**What you will do:** For this exercise, write out each entry below exactly, omitting the images.

**Data to process:**

########################################

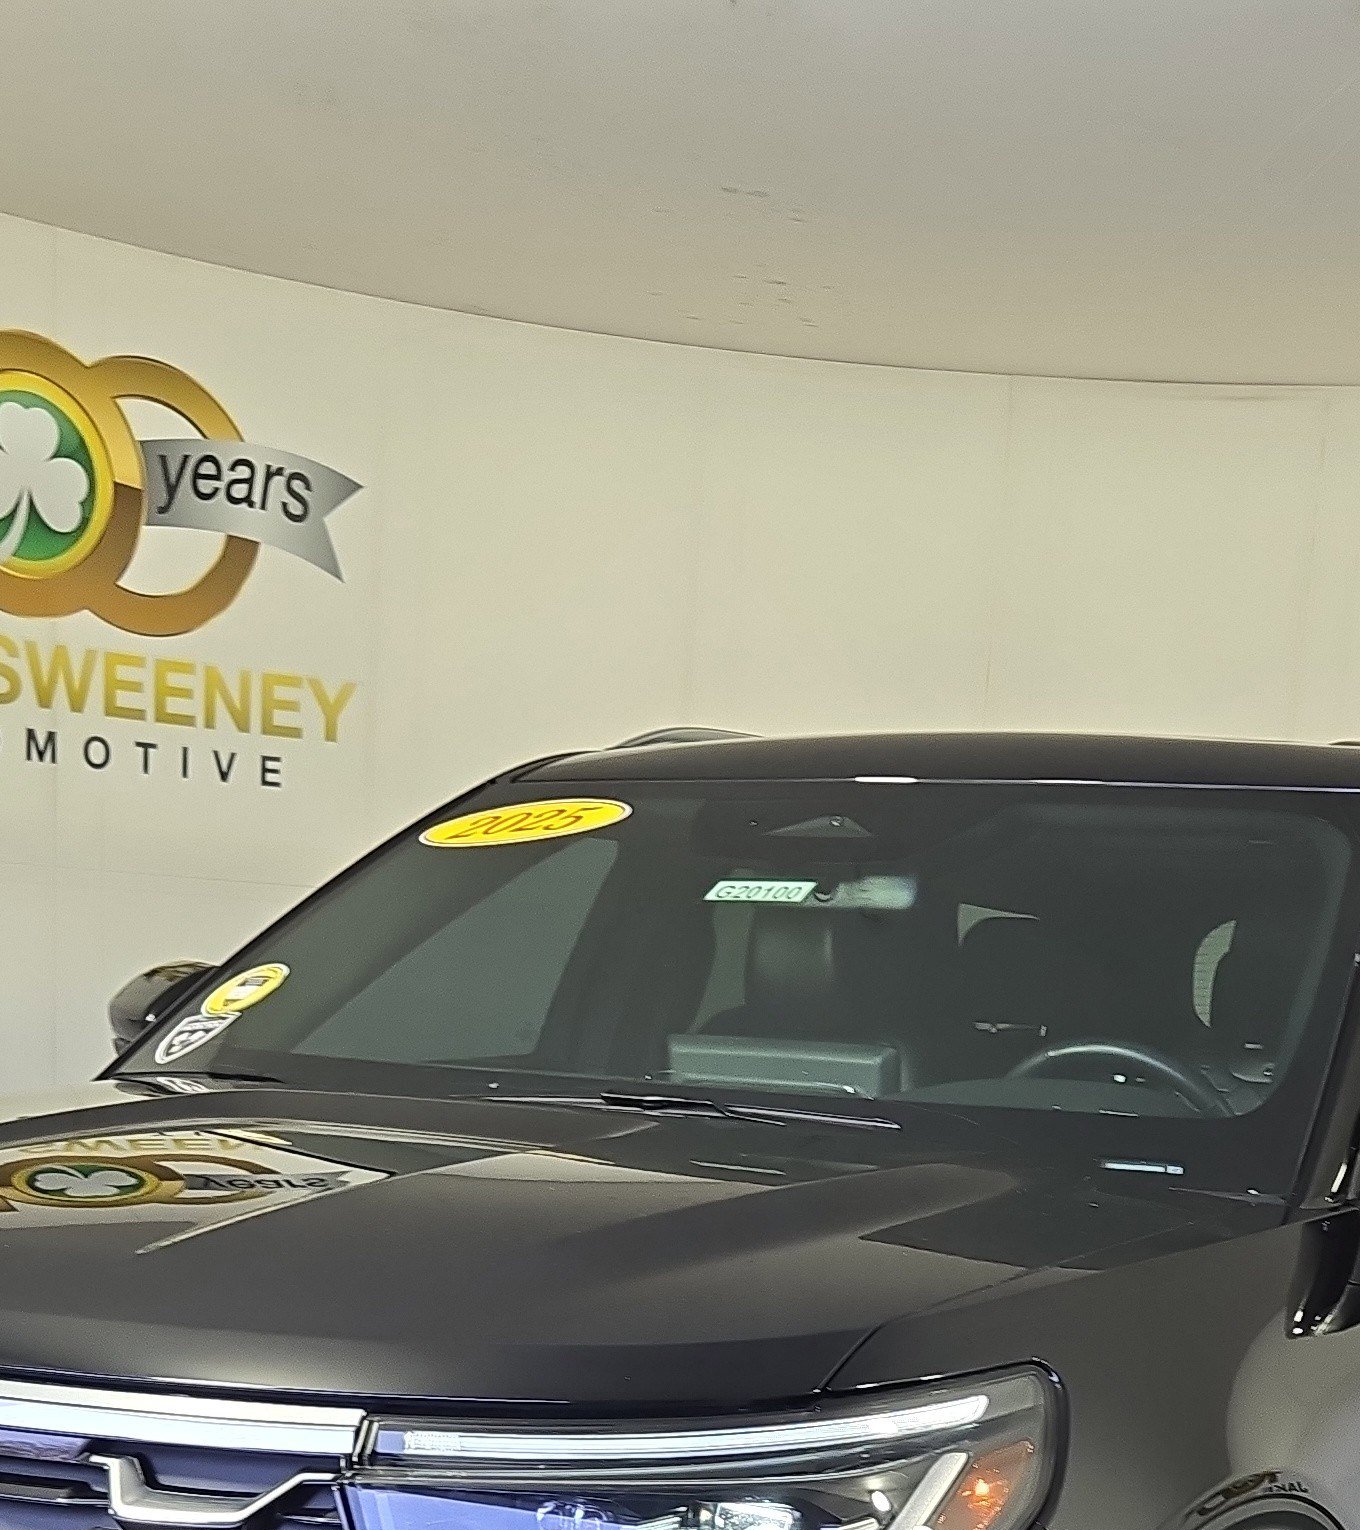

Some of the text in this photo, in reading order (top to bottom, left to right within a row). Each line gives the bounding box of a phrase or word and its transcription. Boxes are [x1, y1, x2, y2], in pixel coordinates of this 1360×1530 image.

[156, 452, 313, 523] years
[443, 806, 604, 840] 2025
[715, 884, 803, 899] G20100
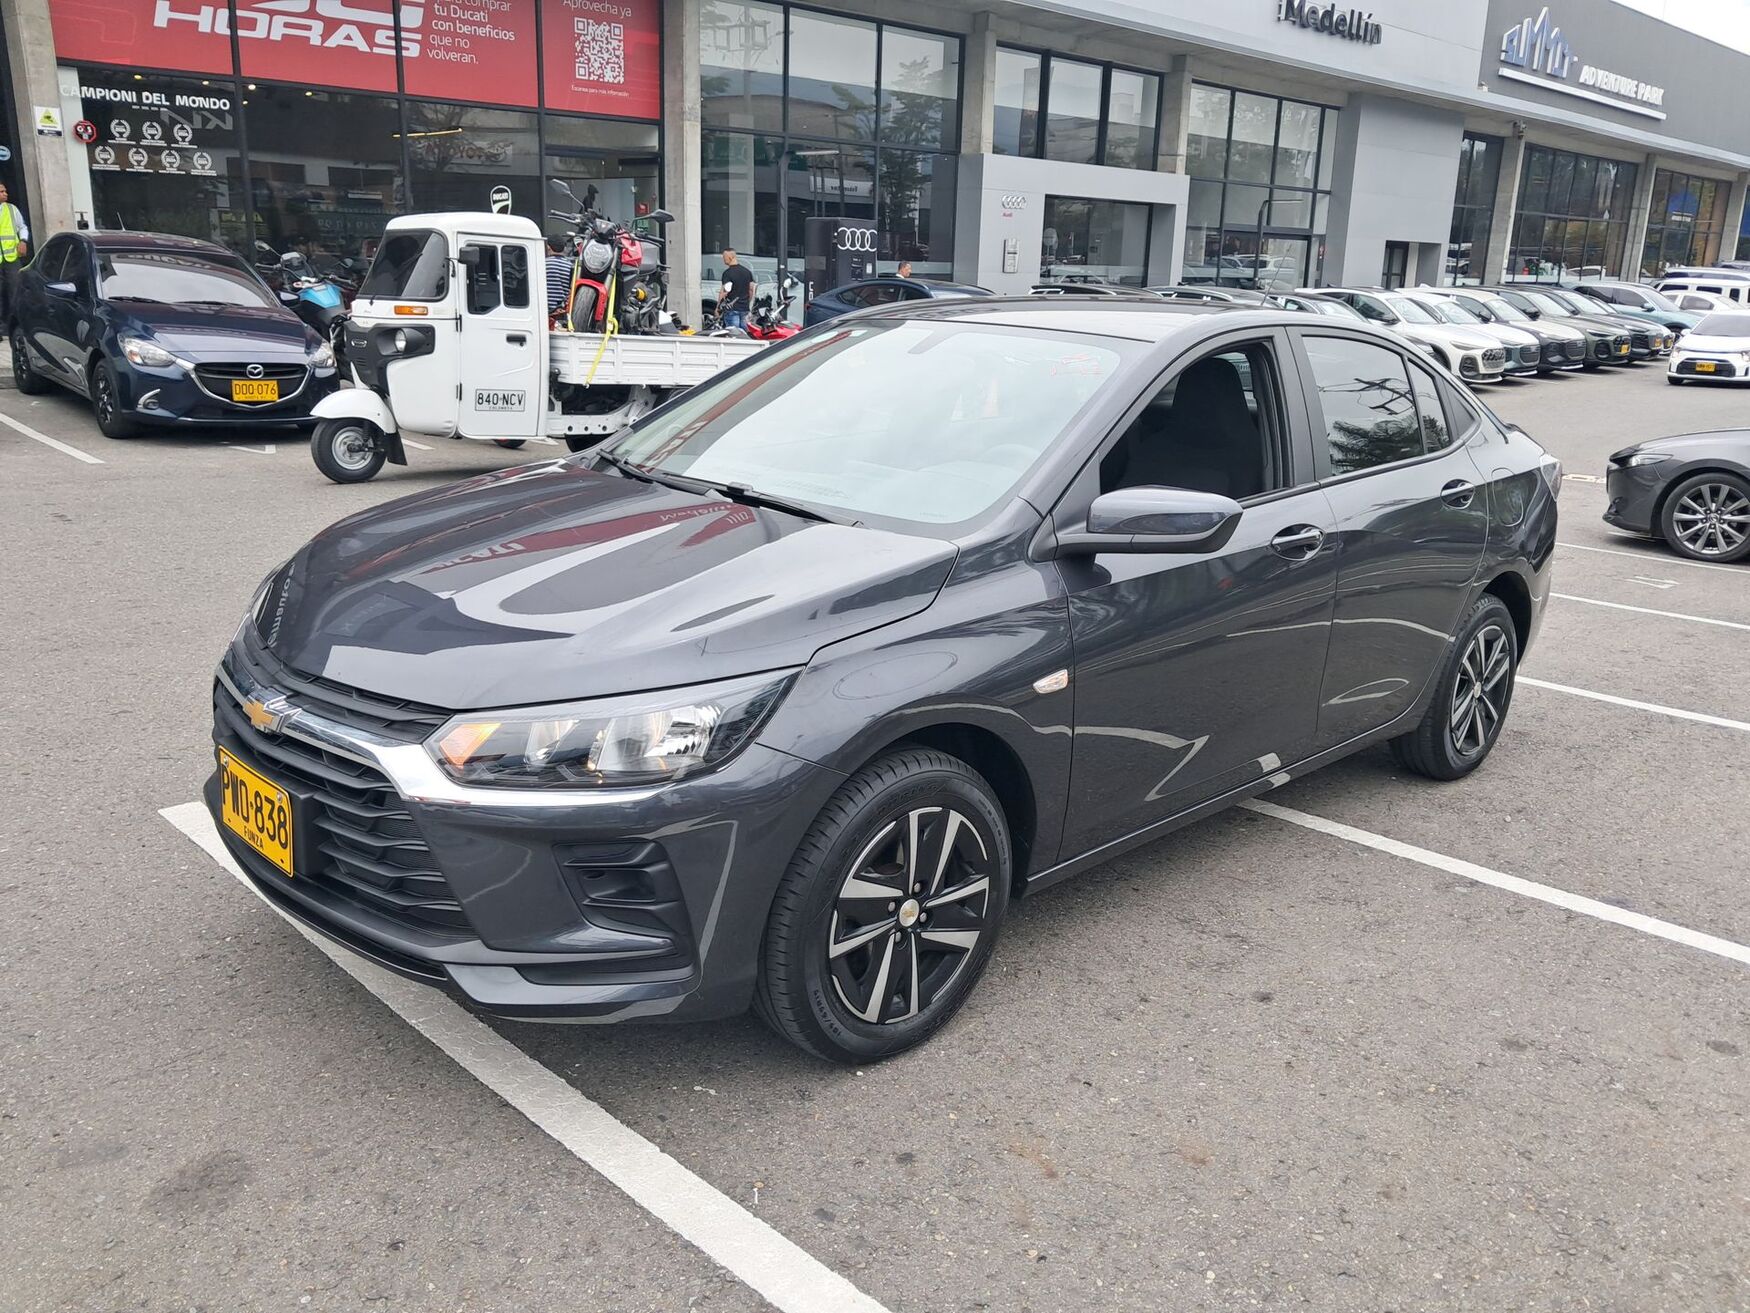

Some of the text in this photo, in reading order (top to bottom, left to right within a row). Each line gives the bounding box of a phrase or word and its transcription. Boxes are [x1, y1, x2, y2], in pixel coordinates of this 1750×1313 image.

[434, 3, 447, 16] tu
[450, 5, 488, 22] Ducati
[619, 7, 632, 19] ya
[153, 0, 422, 57] HORAS
[432, 19, 515, 41] con beneficios
[429, 34, 470, 48] que no
[427, 46, 479, 64] volveran.
[1579, 65, 1665, 105] ADVENTURE PARK
[61, 86, 231, 111] CAMPIONI DEL MONDO
[243, 824, 264, 851] FUNZA
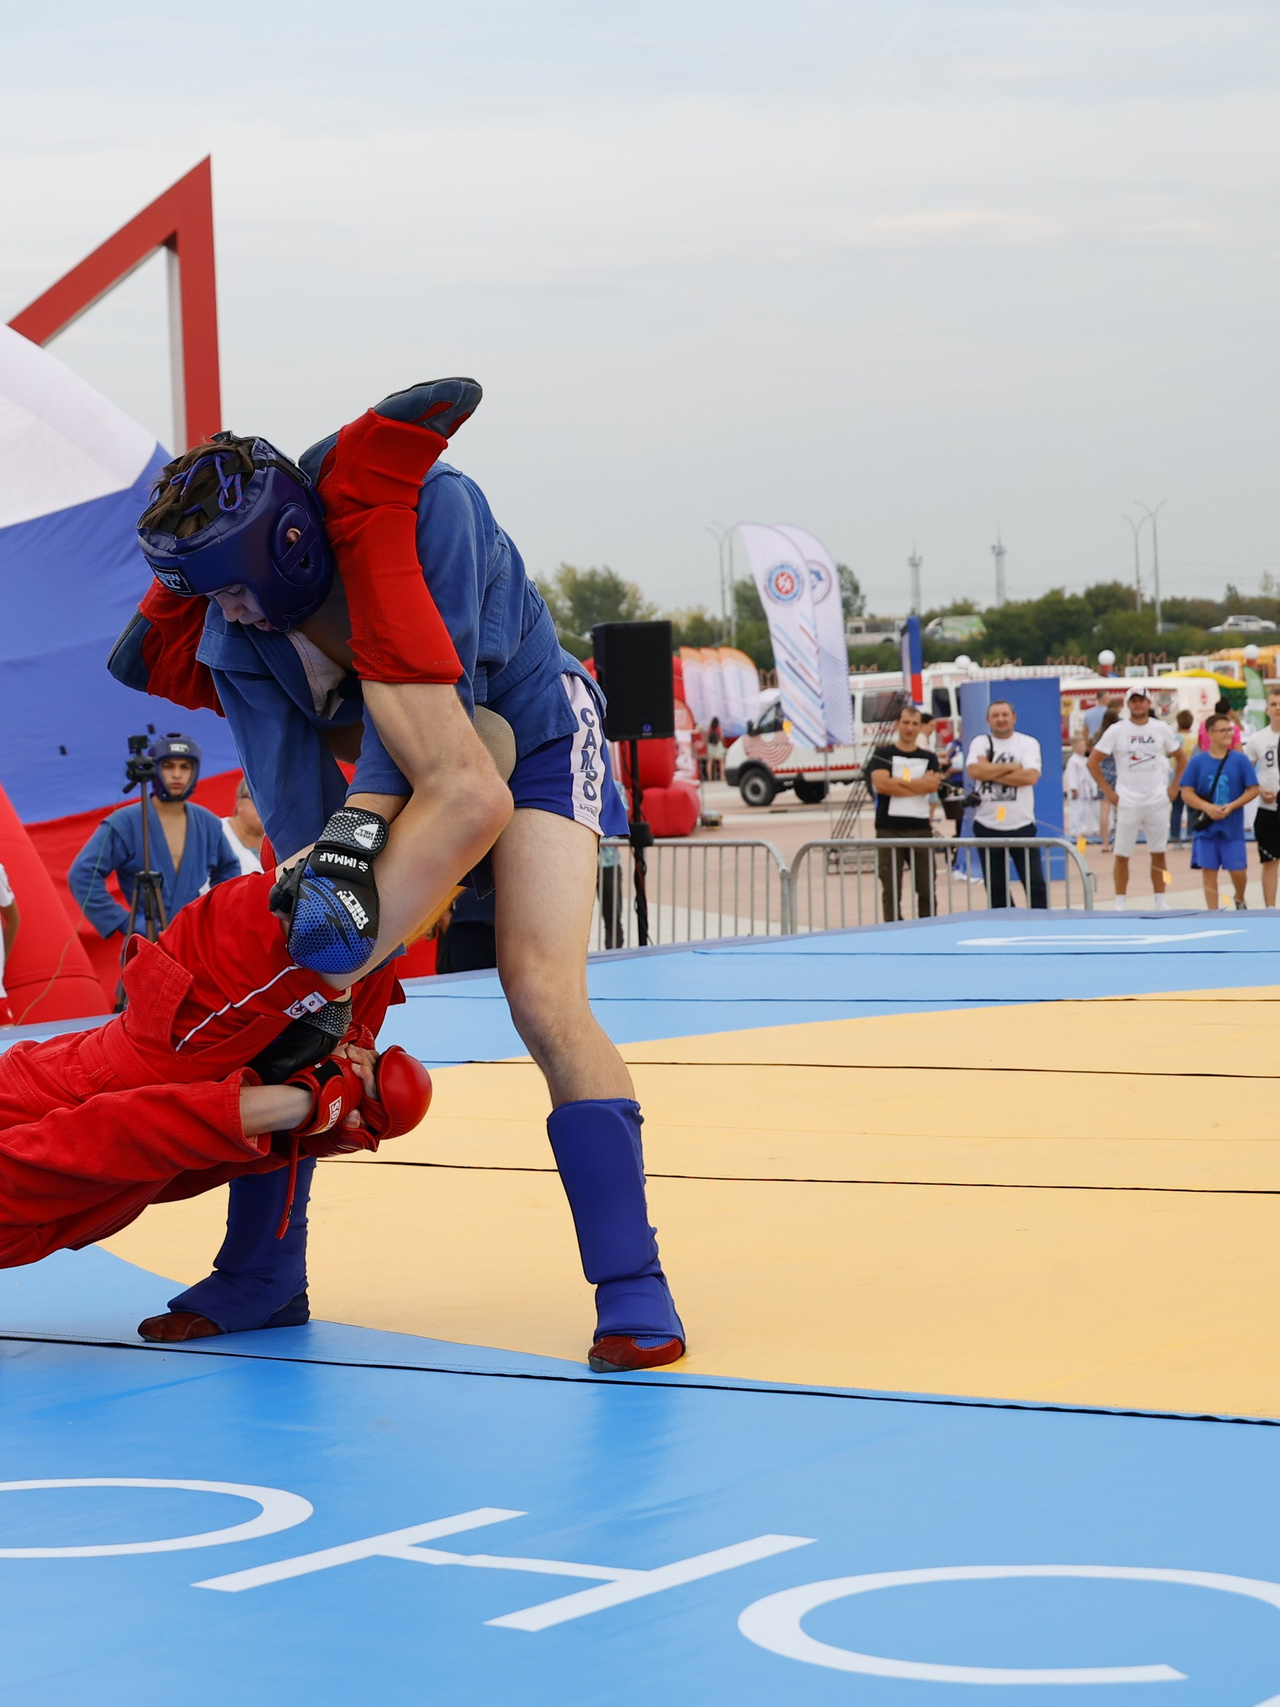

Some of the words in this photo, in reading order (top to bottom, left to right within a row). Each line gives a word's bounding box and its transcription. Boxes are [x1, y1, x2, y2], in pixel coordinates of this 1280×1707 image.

[1130, 735, 1155, 744] FILA
[319, 852, 357, 868] IMMAF
[336, 890, 364, 931] GREEN
[346, 890, 370, 926] HILL

########################################

**Result of the task:**
Some of the text in this photo, in reading order (top to bottom, left to right within a row). Each line gives the bounding box of a phrase or word and its transcription. Boxes are [x1, y1, x2, y2], in pixel coordinates of this 1360×1530 image.

[156, 452, 313, 523] years
[443, 806, 604, 840] 2025
[715, 884, 803, 899] G20100

Some of the text in this photo, in reading order (top to bottom, left to right within a row). Each line gives the bounding box of a phrase or word and its transcription. Boxes are [x1, y1, x2, y2], in pixel coordinates of this 1750×1313 image.

[434, 3, 447, 16] tu
[450, 5, 488, 22] Ducati
[619, 7, 632, 19] ya
[153, 0, 422, 57] HORAS
[432, 19, 515, 41] con beneficios
[429, 34, 470, 48] que no
[427, 46, 479, 64] volveran.
[1579, 65, 1665, 105] ADVENTURE PARK
[61, 86, 231, 111] CAMPIONI DEL MONDO
[243, 824, 264, 851] FUNZA

Some of the words in this photo, in reading order (top to bottom, left to right within a row). Each line gives a word's bounding box and its transcription. Boxes are [x1, y1, x2, y2], in pixel coordinates of this 1280×1707 image.

[1130, 735, 1155, 744] FILA
[319, 852, 357, 868] IMMAF
[336, 890, 364, 931] GREEN
[346, 890, 370, 926] HILL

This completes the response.